| $@%&! level: Low “Bedroom” level: None (but lots of kissing, of course) Violence level: Medium Back Cover: “Rapunzel is not your average teenager. For one thing, she has a serious illness that keeps her inside the mysterious Gothel Mansion. And for another, her hair is 15 feet long. Not to mention that she's also the key to ultimately saving the world from certain destruction. But then she meets a boy named Fane through Facebook, who changes all she has ever known, and she decides to risk everything familiar to find out who she really is.” |
If you look at it right, this book encourages disobedience to parents, reckless endangerment of self and friends, and sneaking out in the middle of the night. From another perspective, you could say it encourages curiosity about the world around you, questioning what you're told so you can know for yourself if it's true, and living your dreams. I guess it's just a matter of how you look at it.

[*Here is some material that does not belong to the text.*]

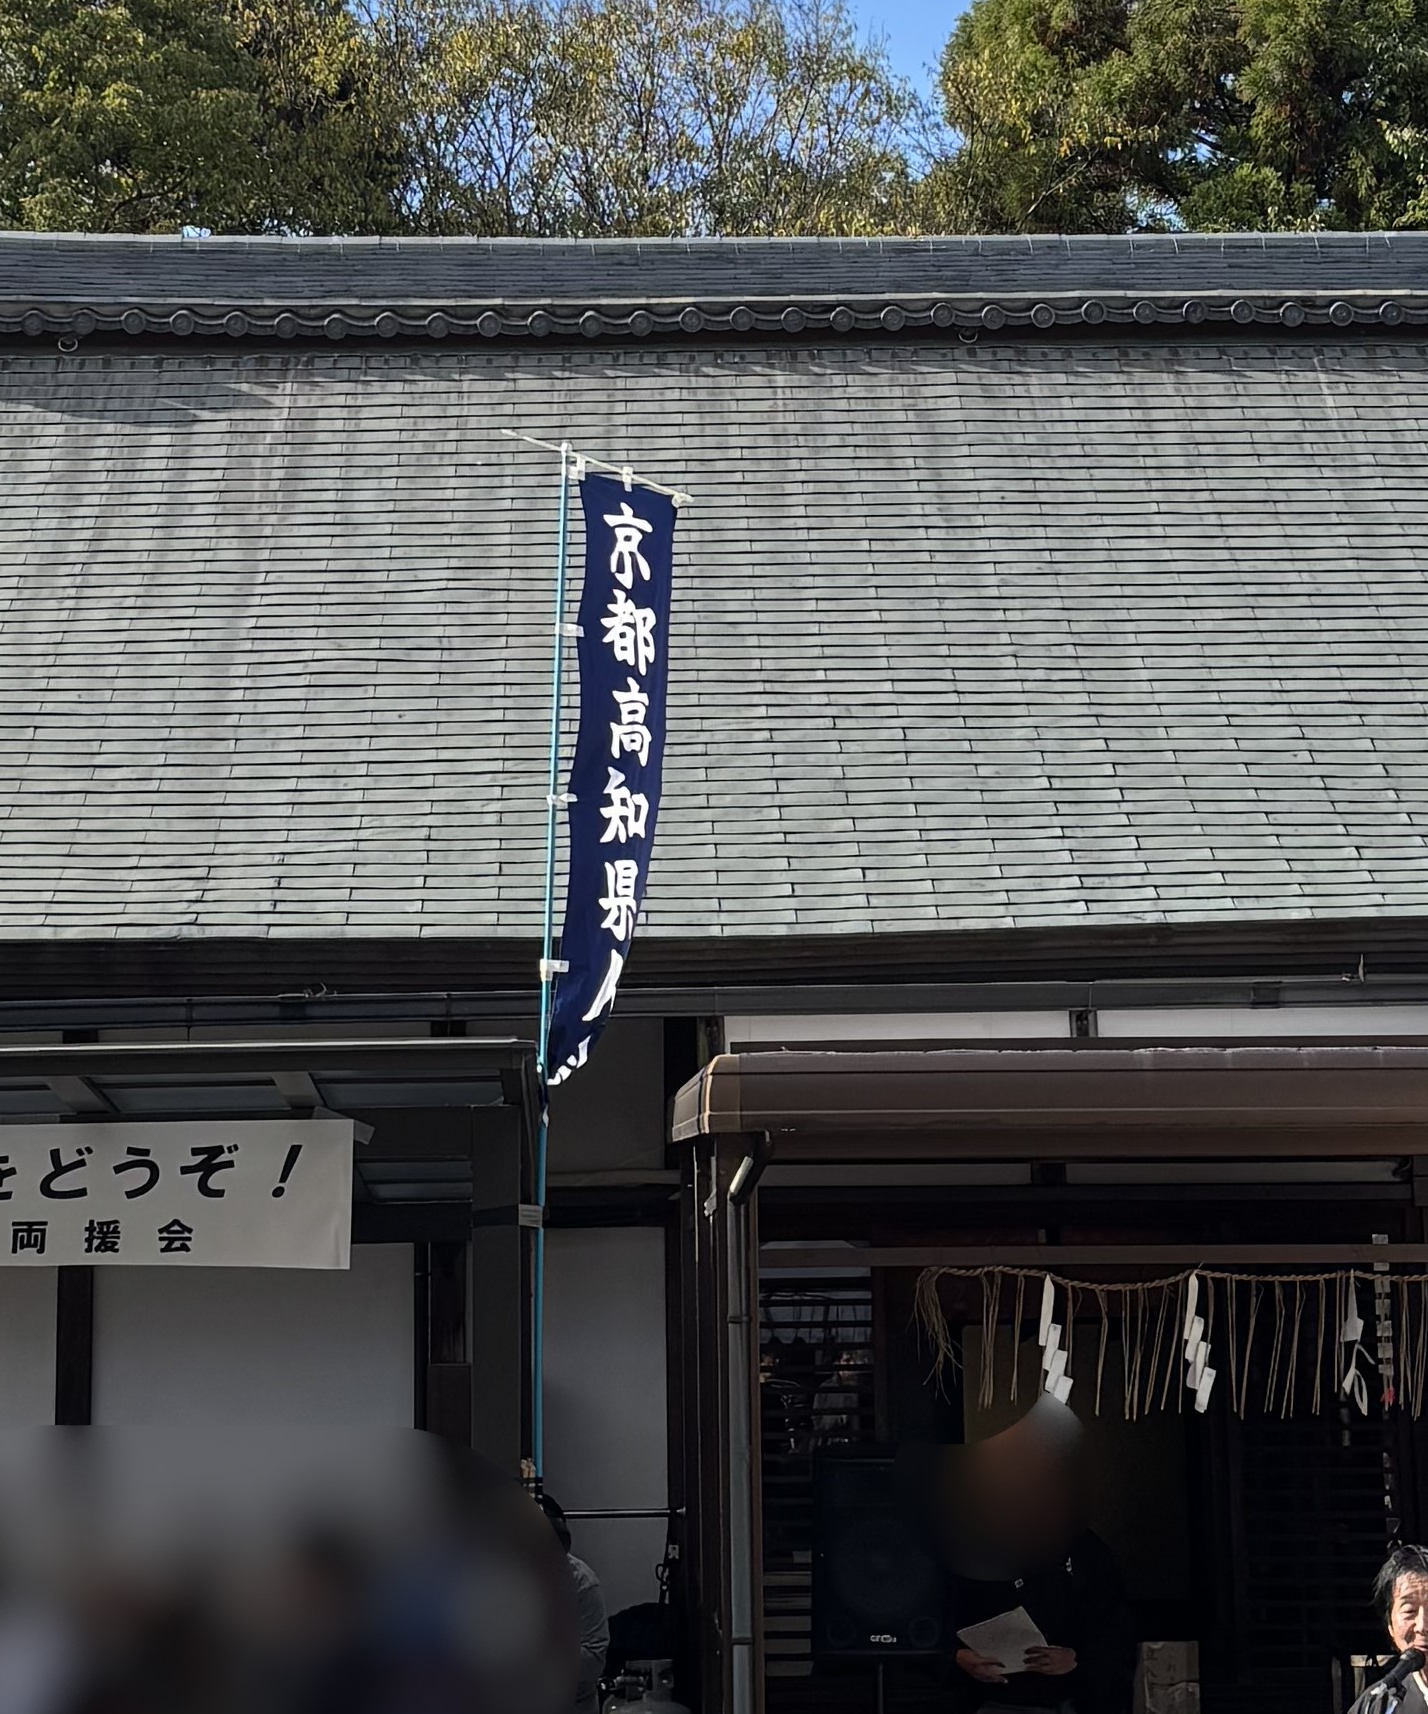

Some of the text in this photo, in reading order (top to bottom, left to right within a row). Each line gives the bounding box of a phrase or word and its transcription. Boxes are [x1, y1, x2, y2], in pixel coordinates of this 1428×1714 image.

[549, 502, 656, 1086] 京都高知県人

I mean, the story is dark. The story has always been dark, but setting it in modern day and removing almost all the magic just makes it all that much more obvious how dark it is. Kidnapping, insanity, torture, and murder—along with the more satanic aspects of witchcraft—are all integral to the plot, and you can almost forget that it's in any way a fantasy (except for the 15 feet of hair) until the end when the real magic comes into play. Actually, I almost wish they could have done it without the magic at all, although then I wouldn't have been able to review it here, since this is only for science fiction and fantasy books.

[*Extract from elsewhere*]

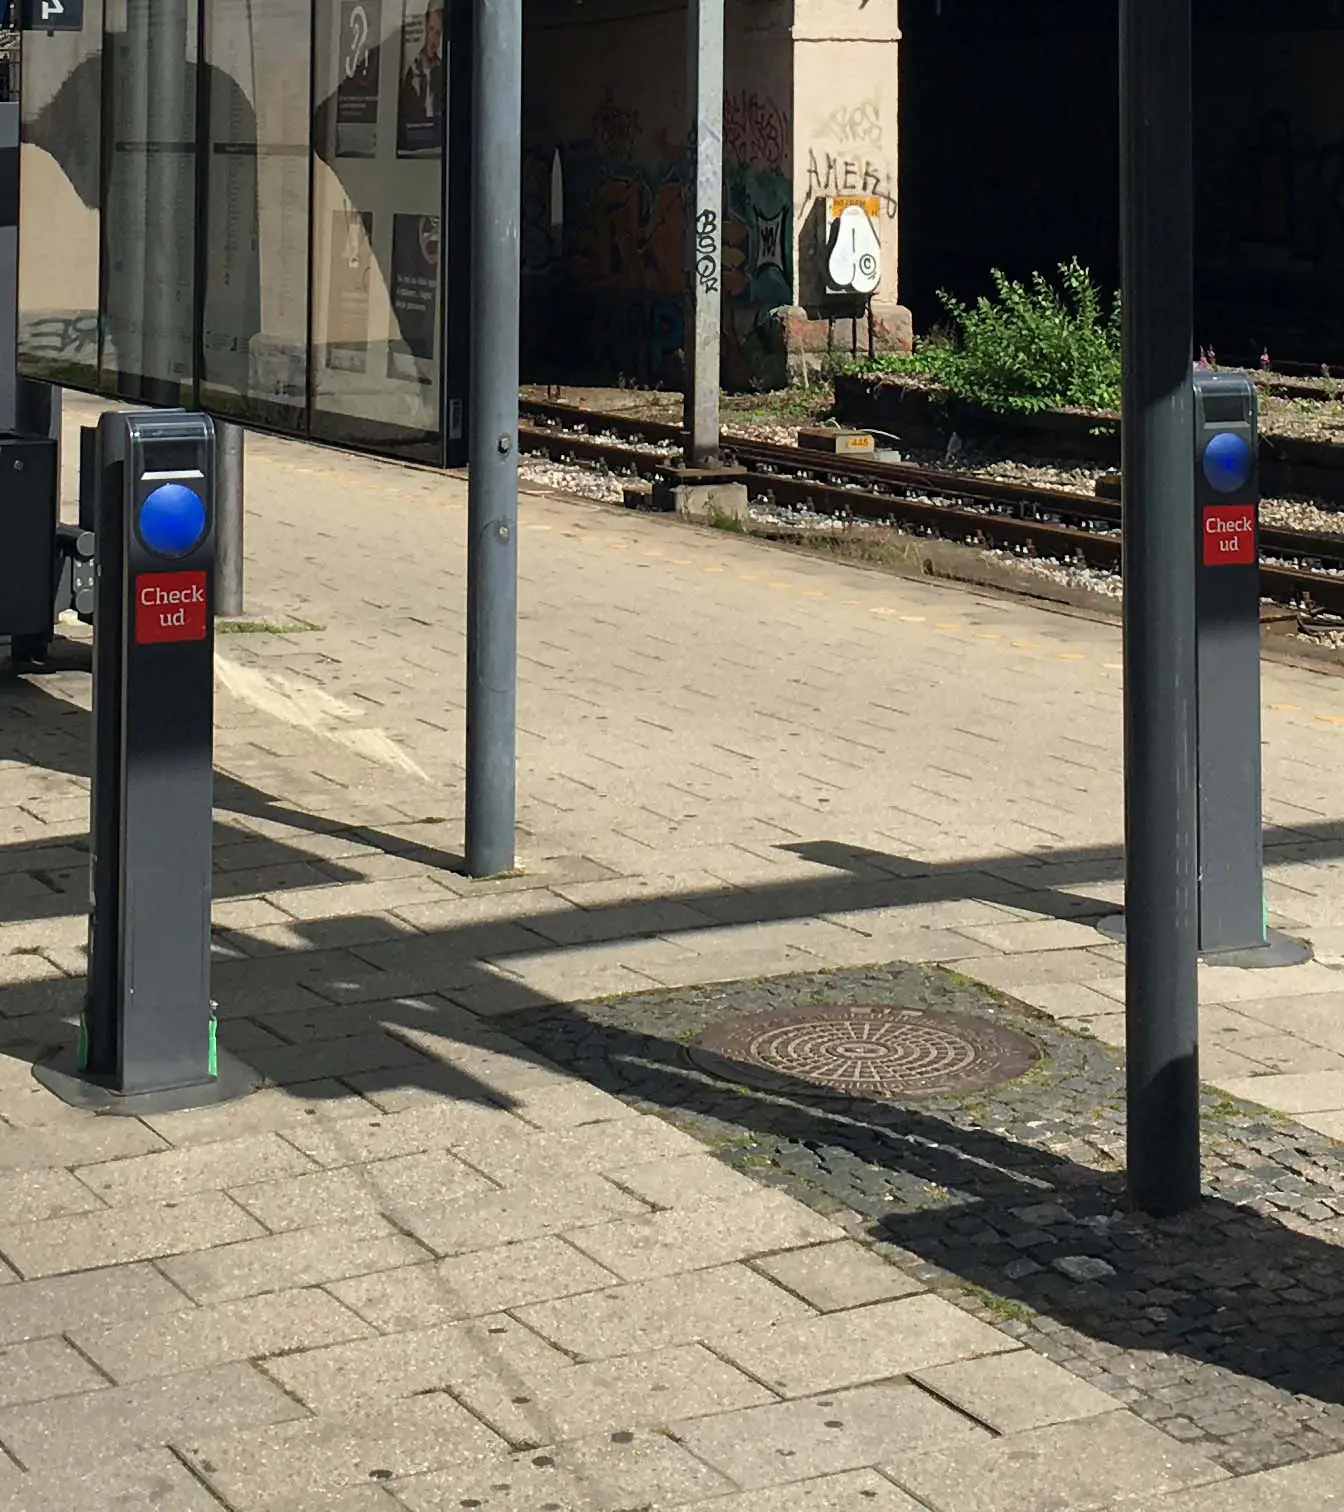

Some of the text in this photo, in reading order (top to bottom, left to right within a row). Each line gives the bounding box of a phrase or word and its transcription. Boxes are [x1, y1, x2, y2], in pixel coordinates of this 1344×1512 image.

Now, the one thing that I most thoroughly liked about this book (and what makes it appropriate to post this week) is the Thanksgiving that Rapunzel spends with Fane. I have to say she got really lucky in her Facebook experience, managing to not only avoid the creepy stalker problem, but also meet the perfect man on her first try. If only internet dating worked that well for me. So she manages to sneak out and spend Thanksgiving day with Fane and his family, and I just love that family. They're boistrous and cheerful and so entirely unlike anything Rapunzel has ever experienced. Actually they remind me of some of my family gatherings. Probably very normal, which just highlights how far from normal her life has been so far.

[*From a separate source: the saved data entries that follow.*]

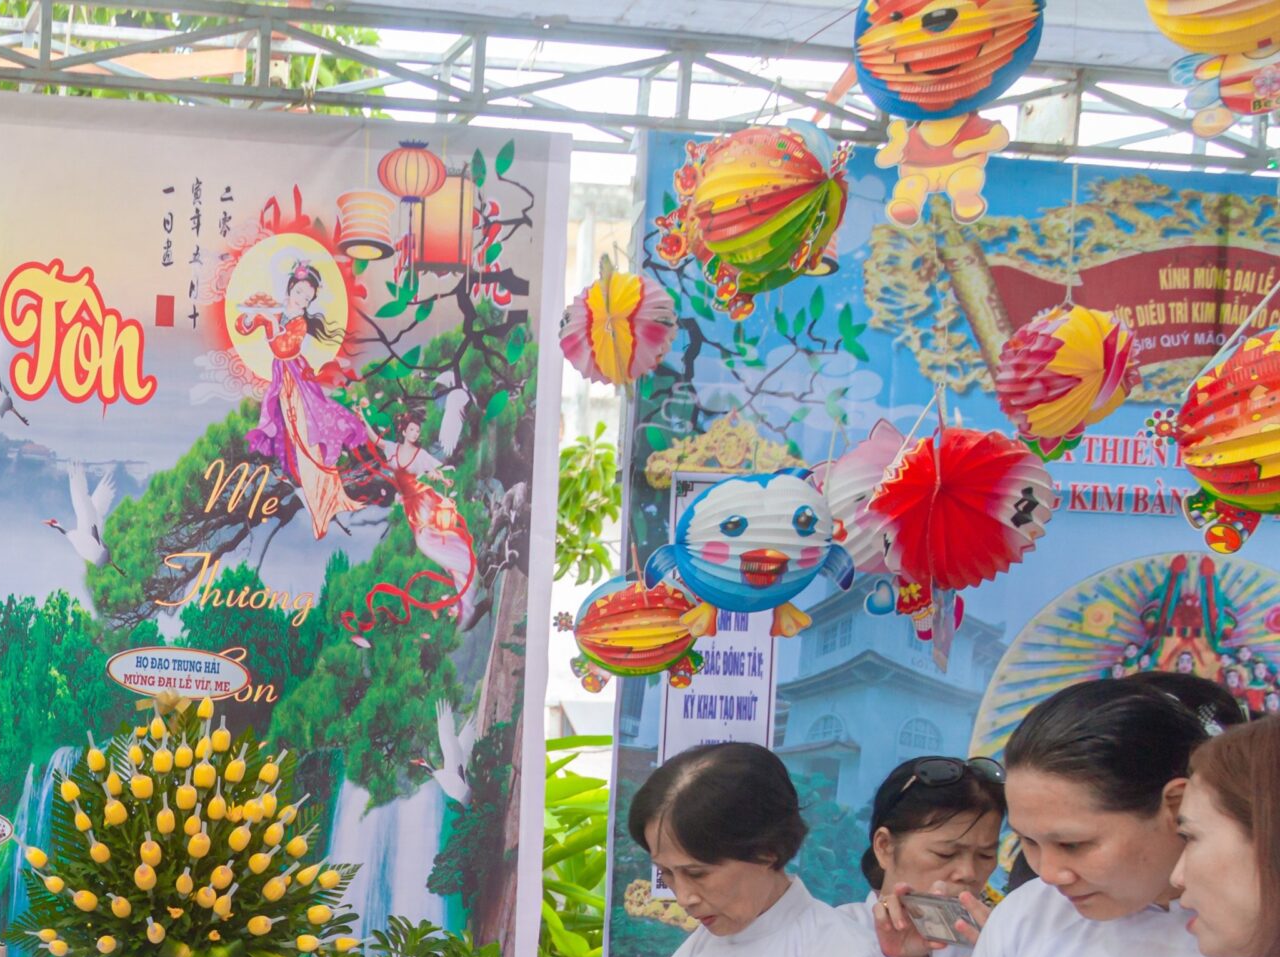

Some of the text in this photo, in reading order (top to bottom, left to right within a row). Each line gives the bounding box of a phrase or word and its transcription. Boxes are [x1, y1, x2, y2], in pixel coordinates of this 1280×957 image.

[1159, 264, 1190, 290] KÍNH
[1233, 269, 1256, 296] ĐẠI
[1257, 267, 1275, 295] LỄ
[1115, 304, 1134, 328] ỨC
[1169, 298, 1189, 323] TRÌ
[1191, 302, 1216, 323] KIM
[0, 258, 157, 405] Tôn
[204, 459, 279, 523] Mẹ
[1069, 484, 1126, 512] KIM
[154, 552, 315, 627] Thương
[136, 656, 221, 674] HỌ ĐẠO TRUNG HẢI
[722, 646, 745, 676] ĐÔNG
[123, 672, 155, 686] MỪNG
[158, 677, 177, 690] ĐẠI
[179, 675, 192, 689] LỄ
[696, 695, 718, 719] KHAI
[720, 695, 735, 726] TẠO

However, it does just emphasize my earlier rant. I mean, she got out already, more than once, actually. She's obviously not exactly stuck in her tower. So once she figures out that she's been kidnapped, if she'd just kept up the act for a few hours more, she could have gotten out again, gone to Fane for help and a place to stay, and called the police, for goodness sake! And all she had to do was cut her magic hair and the bad guys would have no reason to pursue her. And then no one would have been starved, tazed, shot, stabbed, or killed. Which I suppose wouldn't have been such a good story.